Some observers see Wayfair on a fast track to going public because of the company’s hiring in October of a chief financial officer with a background in big company finance and public company accounting. Michael Fleisher had worked as vice chairman, strategy and operations, for Warner Music Group. Previously, as CEO of consultancy Gartner Inc., he led its IPO.
“Hiring a CFO who knows how to work with Wall Street is a big indicator of their plans to go public,” says the investment banker.
Whether Wayfair goes public or seeks to grow in other ways, it will be going up against Williams-Sonoma Inc., the top ranked merchant in the Top 500 housewares and home furnishings category, according to an analysis of data from Internet Retailer’s Top500Guide.com.
For the last three years Williams-Sonoma, No. 22 in the 2013 Internet Retailer Top 500 Guide, has controlled about 30% of web sales in the category. With sales that reached $1.65 billion in 2012, Williams-Sonoma accounted for 29.5% of all category sales of $5.60 billion; in 2011 its $1.41 billion in web sales represented 30.9% of online category sales of $4.56 billion; it commanded 28.8% of web sales in the category in 2010, $1.197 billion of category sales of $4.15 billion.
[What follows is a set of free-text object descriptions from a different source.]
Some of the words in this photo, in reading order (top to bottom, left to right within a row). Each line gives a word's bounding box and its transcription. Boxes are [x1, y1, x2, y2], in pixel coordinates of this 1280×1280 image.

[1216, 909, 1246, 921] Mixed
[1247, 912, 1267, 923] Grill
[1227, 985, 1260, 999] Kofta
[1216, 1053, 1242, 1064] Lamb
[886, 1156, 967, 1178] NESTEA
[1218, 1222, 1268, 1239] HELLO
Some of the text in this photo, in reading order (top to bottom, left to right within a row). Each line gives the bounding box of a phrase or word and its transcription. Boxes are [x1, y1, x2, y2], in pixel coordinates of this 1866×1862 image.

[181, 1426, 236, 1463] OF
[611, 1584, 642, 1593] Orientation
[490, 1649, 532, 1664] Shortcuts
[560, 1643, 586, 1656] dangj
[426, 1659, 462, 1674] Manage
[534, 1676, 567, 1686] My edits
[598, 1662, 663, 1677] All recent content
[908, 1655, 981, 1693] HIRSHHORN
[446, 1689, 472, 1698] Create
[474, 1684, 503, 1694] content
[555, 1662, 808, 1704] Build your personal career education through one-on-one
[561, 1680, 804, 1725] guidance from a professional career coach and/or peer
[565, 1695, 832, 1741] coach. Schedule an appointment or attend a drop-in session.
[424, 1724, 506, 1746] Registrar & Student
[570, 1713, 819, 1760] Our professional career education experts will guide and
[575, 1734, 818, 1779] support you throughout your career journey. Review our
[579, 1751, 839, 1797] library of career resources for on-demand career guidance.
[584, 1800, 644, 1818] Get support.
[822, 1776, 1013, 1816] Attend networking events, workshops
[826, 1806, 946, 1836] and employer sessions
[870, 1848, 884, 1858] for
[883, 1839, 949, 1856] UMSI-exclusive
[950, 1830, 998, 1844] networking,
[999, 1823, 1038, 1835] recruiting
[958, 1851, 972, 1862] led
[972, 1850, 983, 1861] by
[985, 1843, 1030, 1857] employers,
In comparison, Wayfair accounted for 10.7%, or $602.4 million, in Top 500 housewares and home furnishings sales in 2012, compared with 11.0%, or $500 million in 2011, and $380 million, or 9.2% in 2010, Top500Guide.com shows.
But while Williams-Sonoma is the top web merchant in the category, Wayfair.com from 2010 through 2012 grew e-commerce sales more quickly, at an annual compound rate of 31% compared with 21% for Williams-Sonoma.
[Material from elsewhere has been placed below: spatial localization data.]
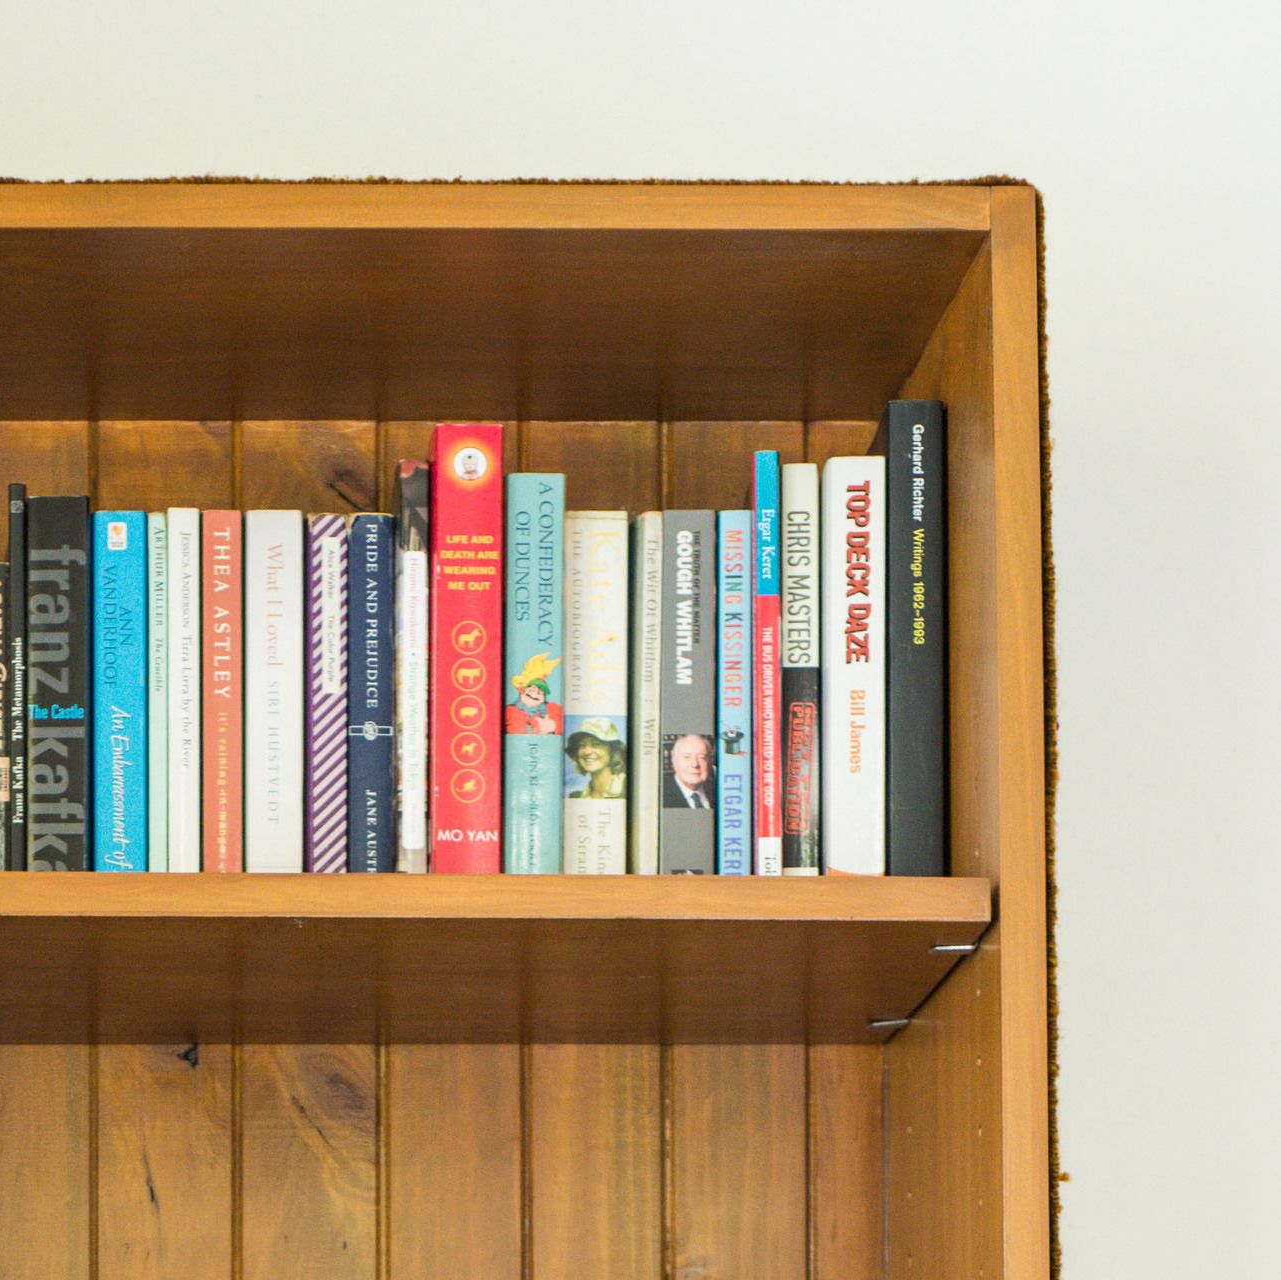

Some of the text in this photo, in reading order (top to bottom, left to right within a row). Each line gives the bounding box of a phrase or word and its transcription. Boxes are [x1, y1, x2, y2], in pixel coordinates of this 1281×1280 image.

[440, 551, 499, 559] DEATH ARE
[443, 567, 495, 575] WEARING
[446, 535, 493, 544] LIFE AND
[515, 511, 530, 621] OF DUNCES
[538, 481, 553, 646] A CONFEDERACY
[845, 480, 872, 664] TOP DECK DAZE
[366, 524, 377, 708] PRIDE AND PREJUDICE
[448, 582, 491, 590] ME OUT
[676, 530, 692, 685] GOUGH WHITLAM
[848, 690, 864, 774] Bill James
[437, 830, 497, 842] MO YAN
The fact that Wayfair is growing e-commerce sale faster than competitors in the category also may hasten its decision go public, says the investment banker. “They want to keep up that fast pace of growth, but they are going to need the kind of resources a public offering can provide to make bigger acquisitions and keep on building the Wayfair brand,” the banker says.
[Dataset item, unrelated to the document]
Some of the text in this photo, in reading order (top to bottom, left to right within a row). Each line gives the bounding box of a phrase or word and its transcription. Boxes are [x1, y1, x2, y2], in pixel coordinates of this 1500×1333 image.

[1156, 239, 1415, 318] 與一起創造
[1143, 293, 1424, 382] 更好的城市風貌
Wayfair grew at a brisk pace in 2013 by adding products and brand names, growing its European e-commerce base in the United Kingdom and Germany, and through acquisitions, such as DwellStudio, a retailer specializing in home décor products. Wayfair acquired DwellStudio for an undisclosed sum in August.
“We now offer more than seven million products from 12,000 brands,” Shah says. “We spend a lot of time growing our product volume by building superior brand relationships.”
Shah sees the online housewares and home furnishings market as highly fragmented. By continuing to add more products and building up the Wayfair brand through a variety of online marketing programs, such as more personalized e-mail marketing to repeat customers, Shah sees an opportunity to build an international e-commerce destination for housewares and home furnishings.
In addition to adding more products, Wayfair also continues to enrich its e-commerce site with such new features as Inspiration Gallery, which depicts actual rooms designed by professional decorators and 2,500 home interior photos that customers can click to shop.
The company does have a business model that will appeal to investors looking for companies that continue to grow quickly, says the investment banker.
“A big advantage Wayfair has over other merchants is that most of Wayfair’s business is based on drop shipping and that allows them to scale quickly,” the investment banker says. “That’s a business model Wayfair knows how to build.”
For the near term Shah says Wayfair is concentrating on quickly growing pass $1 billion in annual web sales, though he declined to make any projections for 2014. “We will continue to get our name out there,” he says.